Data shown section start
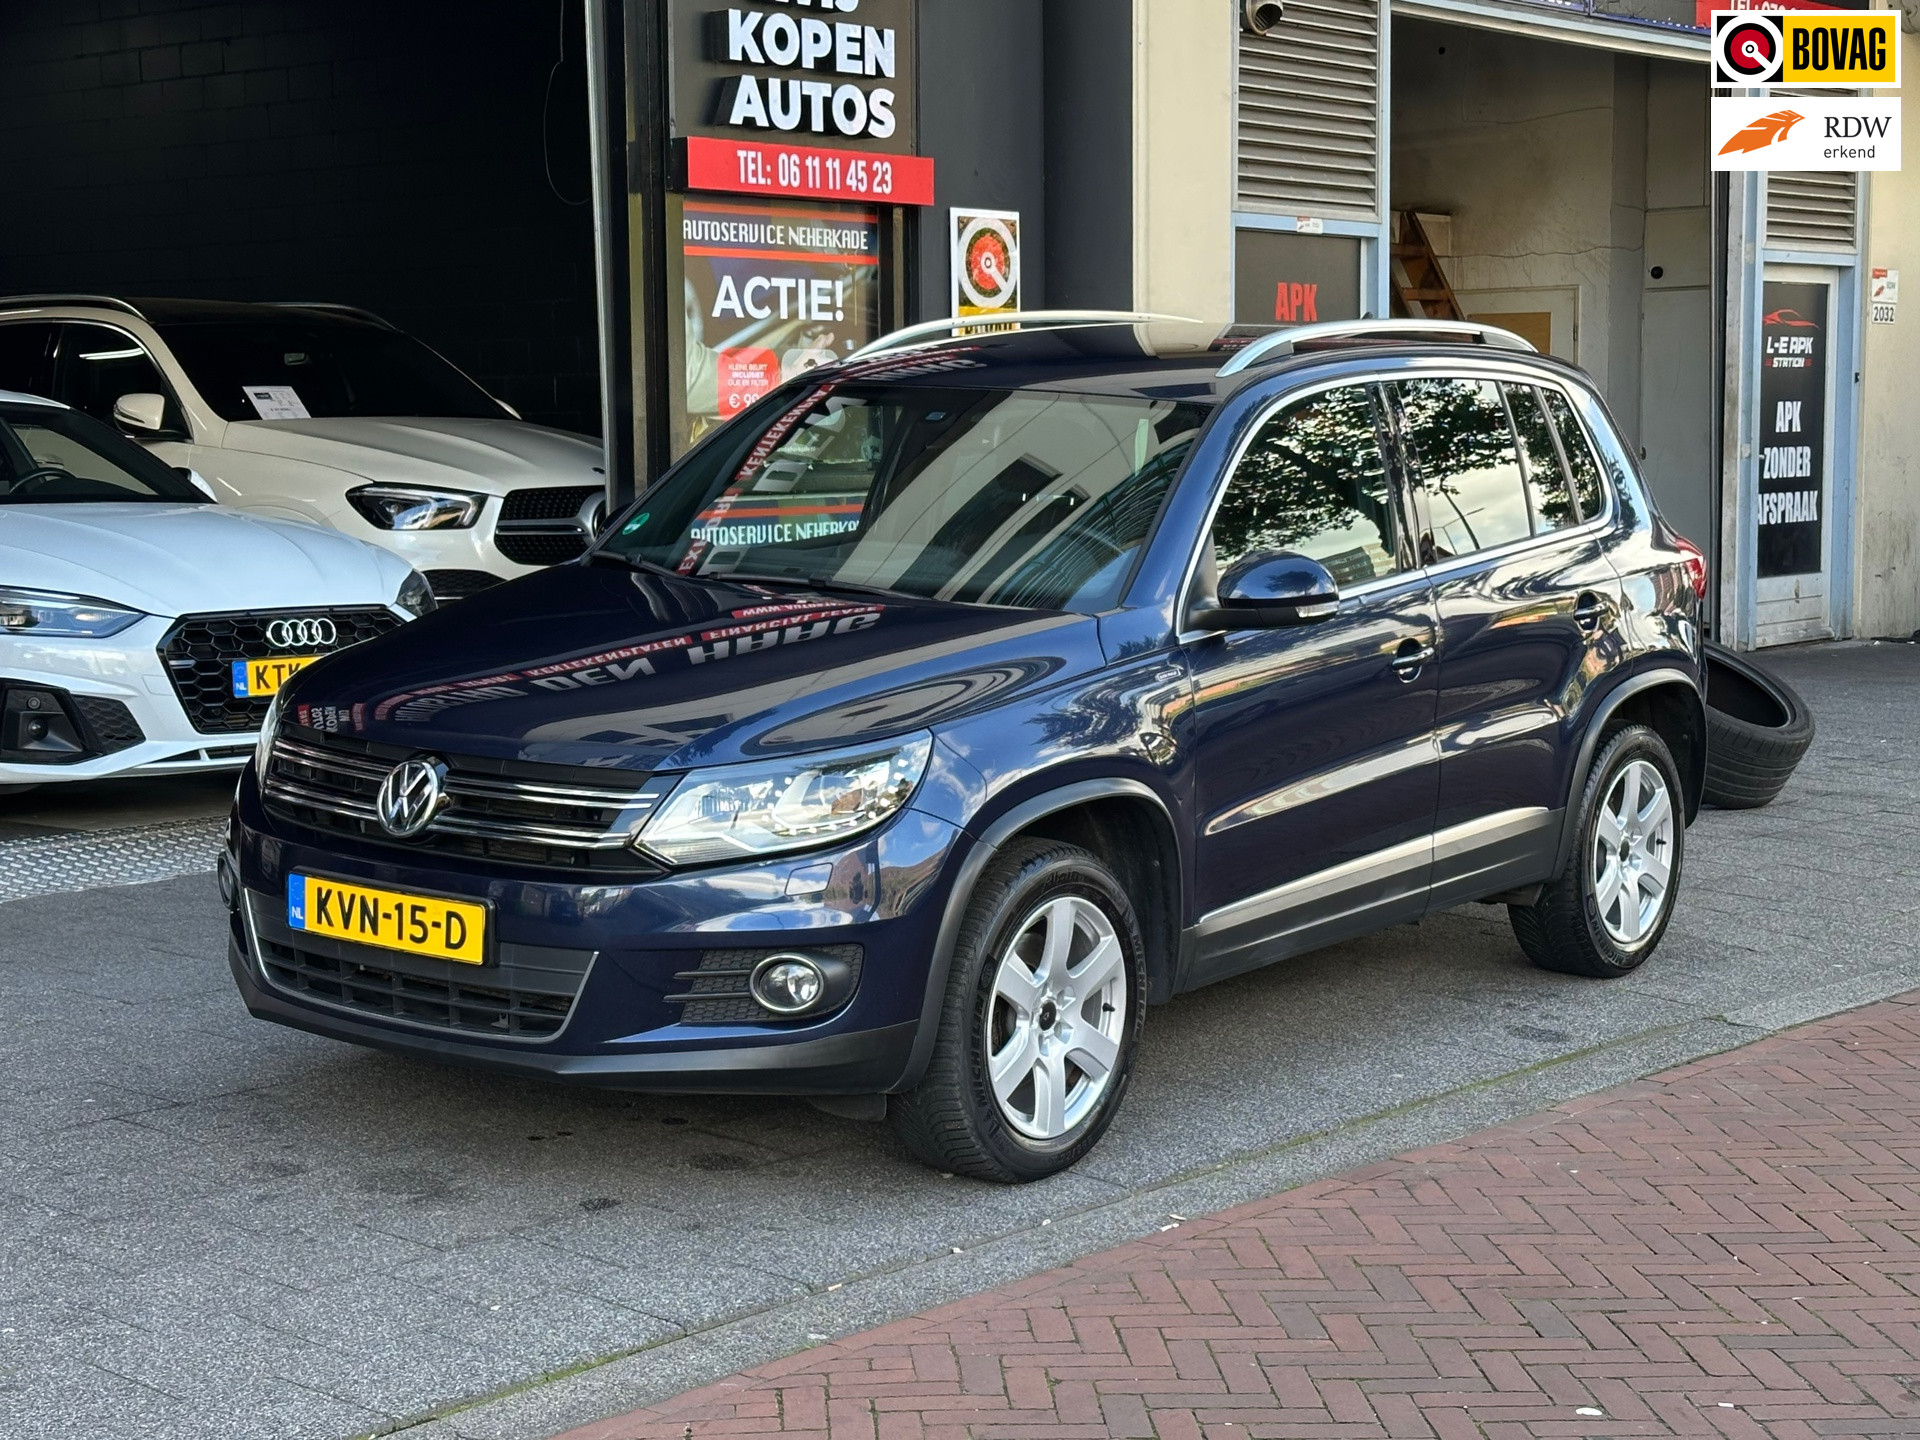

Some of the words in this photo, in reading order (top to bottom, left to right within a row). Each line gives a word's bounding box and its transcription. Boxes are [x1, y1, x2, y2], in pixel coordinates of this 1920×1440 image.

[728, 8, 896, 78] KOPEN
[729, 74, 896, 139] AUTOS
[737, 150, 772, 185] TEL:
[778, 153, 800, 188] 06
[805, 156, 821, 188] 11
[825, 158, 841, 190] 11
[846, 160, 868, 192] 45
[872, 161, 893, 195] 23
[683, 219, 785, 246] AUTOSERVICE
[788, 226, 868, 250] NEHERKADE
[711, 275, 844, 322] ACTIE!
[1275, 282, 1317, 322] APK
[1873, 306, 1895, 322] 2032
[1766, 336, 1789, 354] L-E
[1789, 336, 1814, 355] APK
[1772, 357, 1805, 368] STATION
[729, 393, 741, 409] €
[1775, 401, 1801, 433] APK
[1763, 446, 1811, 479] ZONDER
[291, 906, 304, 920] NL
[316, 887, 467, 950] KVN-15-D
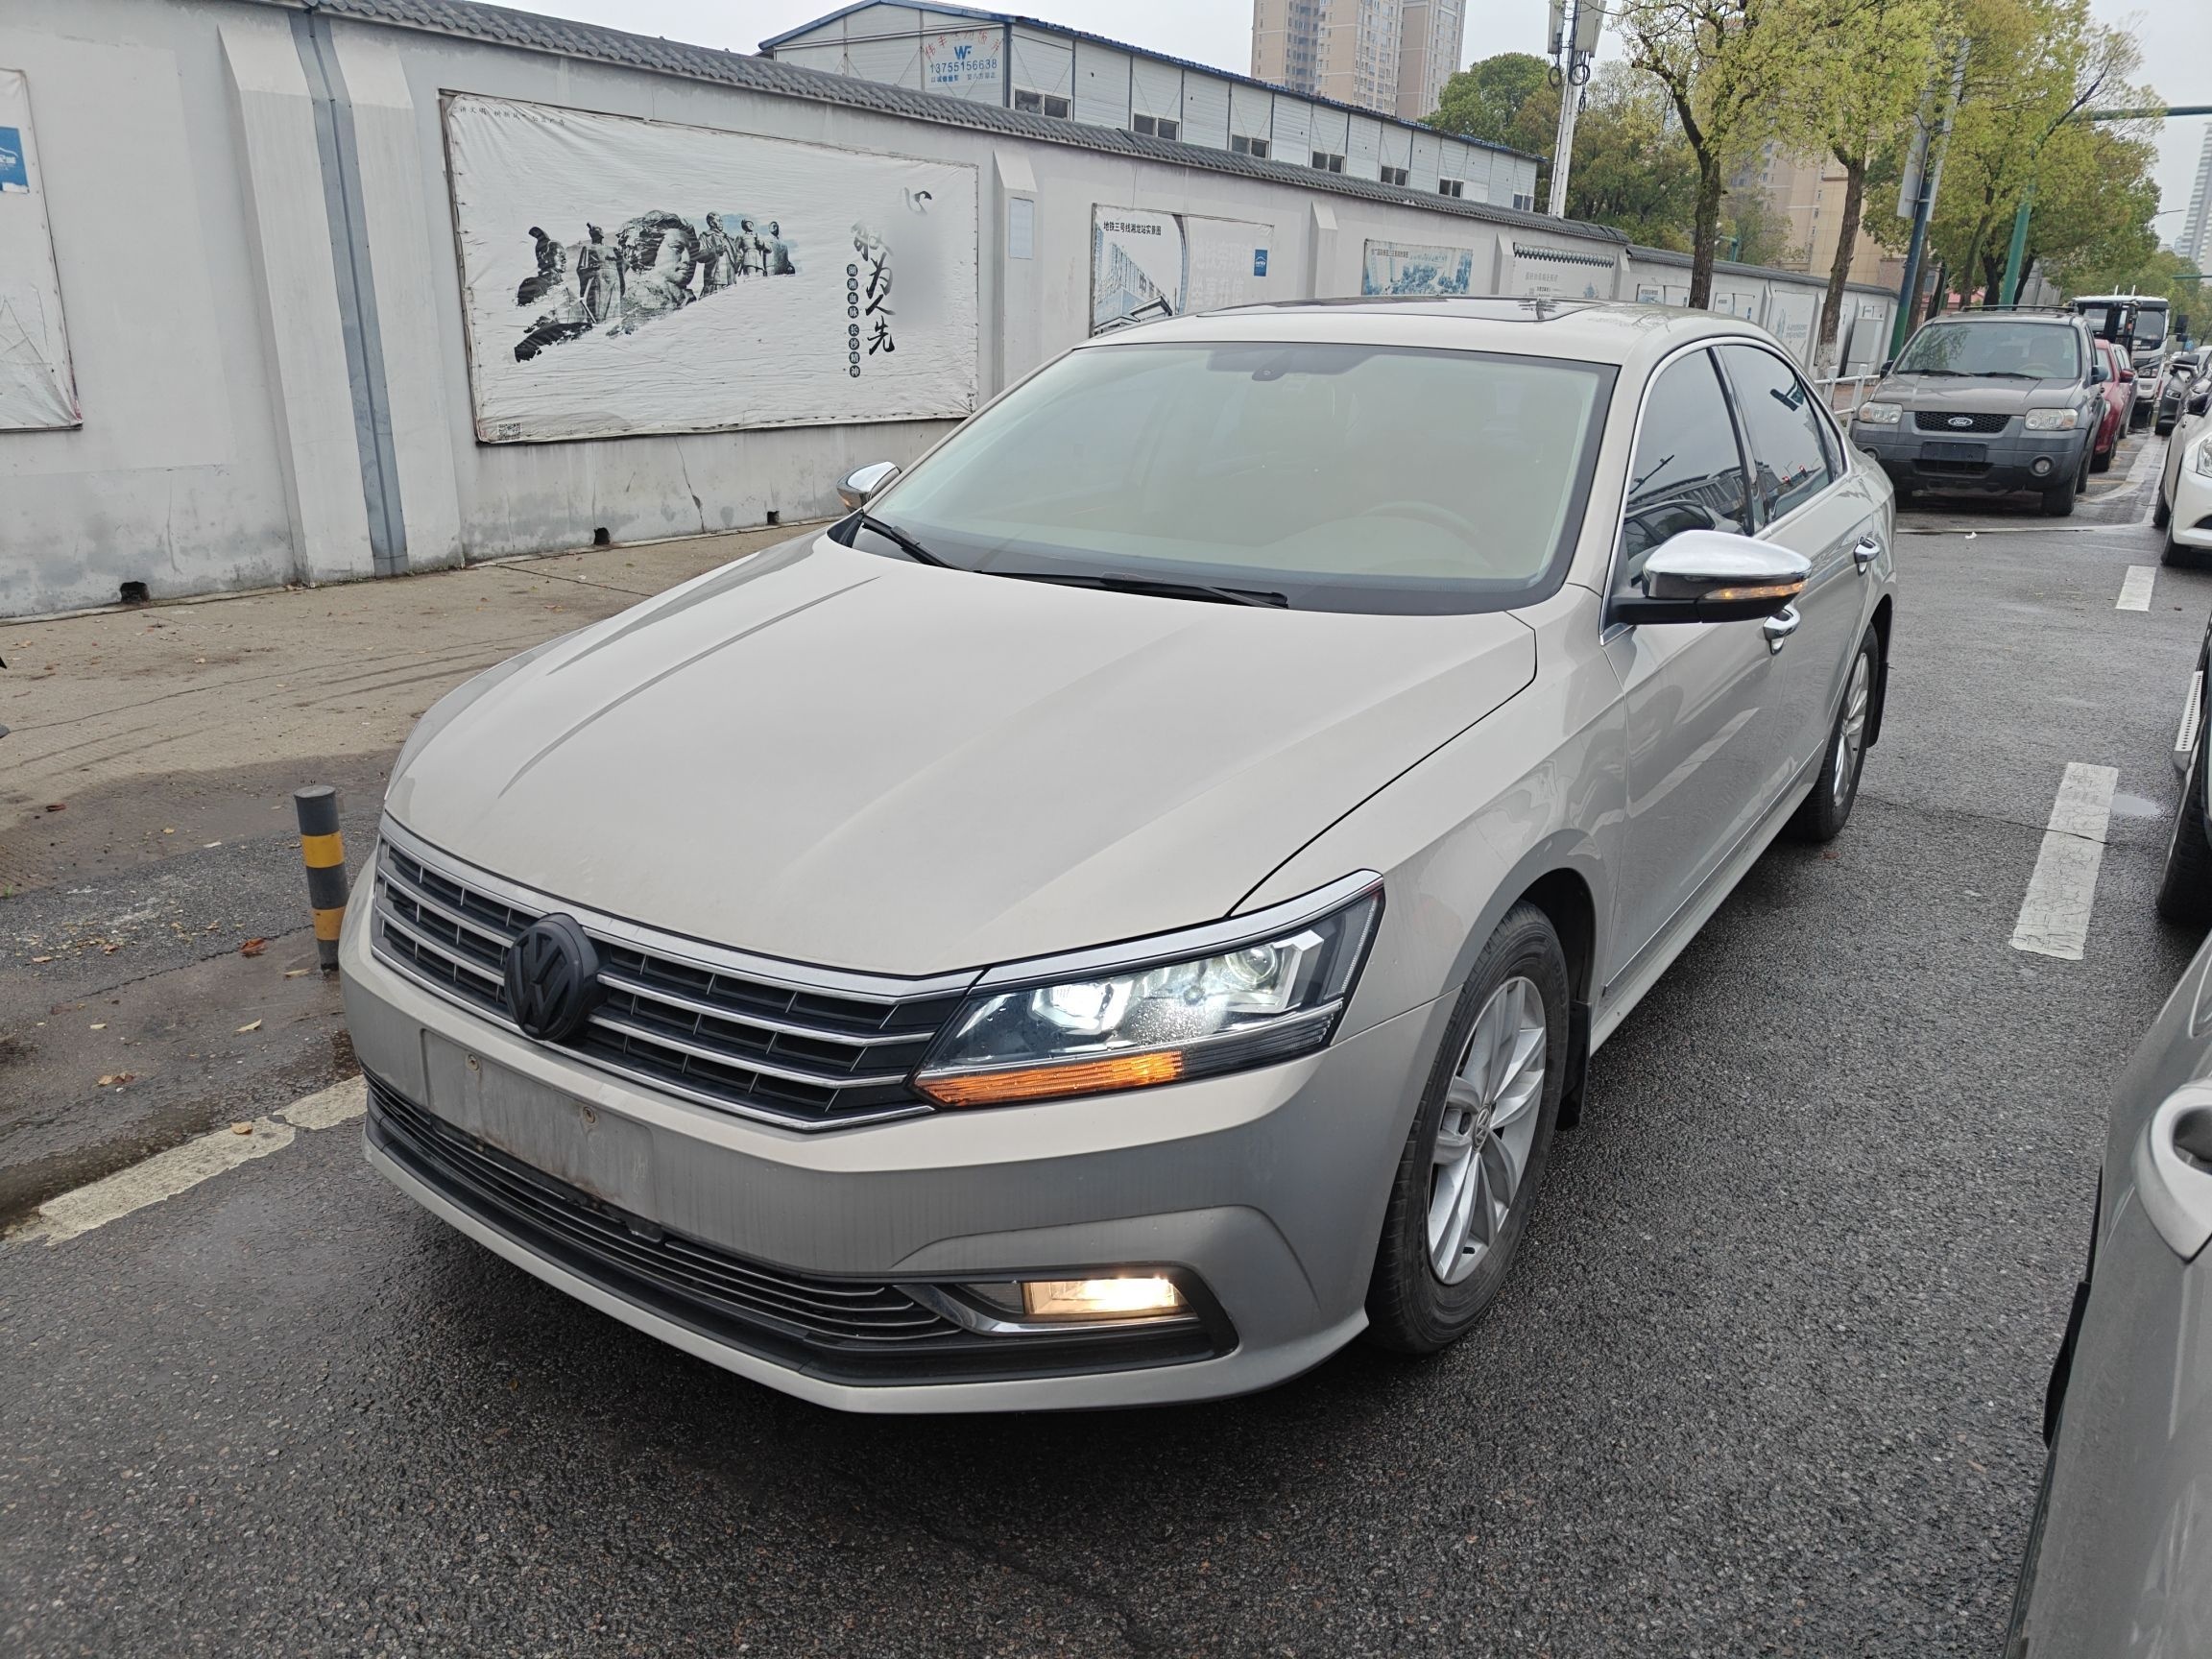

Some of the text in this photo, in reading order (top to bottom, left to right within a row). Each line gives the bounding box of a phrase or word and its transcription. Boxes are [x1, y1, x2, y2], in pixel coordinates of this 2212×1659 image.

[930, 59, 998, 74] 13755156638
[848, 324, 861, 378] 长沙精神
Data shown section end
Brief |
With the images left out, set down each record exactly as it appears.

Result for this exercise |
Some of the words in this photo, in reading order (top to bottom, left to right within a row). Each line gives a word's bounding box and its transcription. Boxes are [x1, y1, x2, y2], in pixel coordinates of this 1920×1440 image.

[728, 8, 896, 78] KOPEN
[729, 74, 896, 139] AUTOS
[737, 150, 772, 185] TEL:
[778, 153, 800, 188] 06
[805, 156, 821, 188] 11
[825, 158, 841, 190] 11
[846, 160, 868, 192] 45
[872, 161, 893, 195] 23
[683, 219, 785, 246] AUTOSERVICE
[788, 226, 868, 250] NEHERKADE
[711, 275, 844, 322] ACTIE!
[1275, 282, 1317, 322] APK
[1873, 306, 1895, 322] 2032
[1766, 336, 1789, 354] L-E
[1789, 336, 1814, 355] APK
[1772, 357, 1805, 368] STATION
[729, 393, 741, 409] €
[1775, 401, 1801, 433] APK
[1763, 446, 1811, 479] ZONDER
[291, 906, 304, 920] NL
[316, 887, 467, 950] KVN-15-D

Some of the text in this photo, in reading order (top to bottom, left to right within a row). Each line gives the bounding box of a phrase or word and its transcription. Boxes are [x1, y1, x2, y2], in pixel coordinates of this 2212×1659 image.

[930, 59, 998, 74] 13755156638
[848, 324, 861, 378] 长沙精神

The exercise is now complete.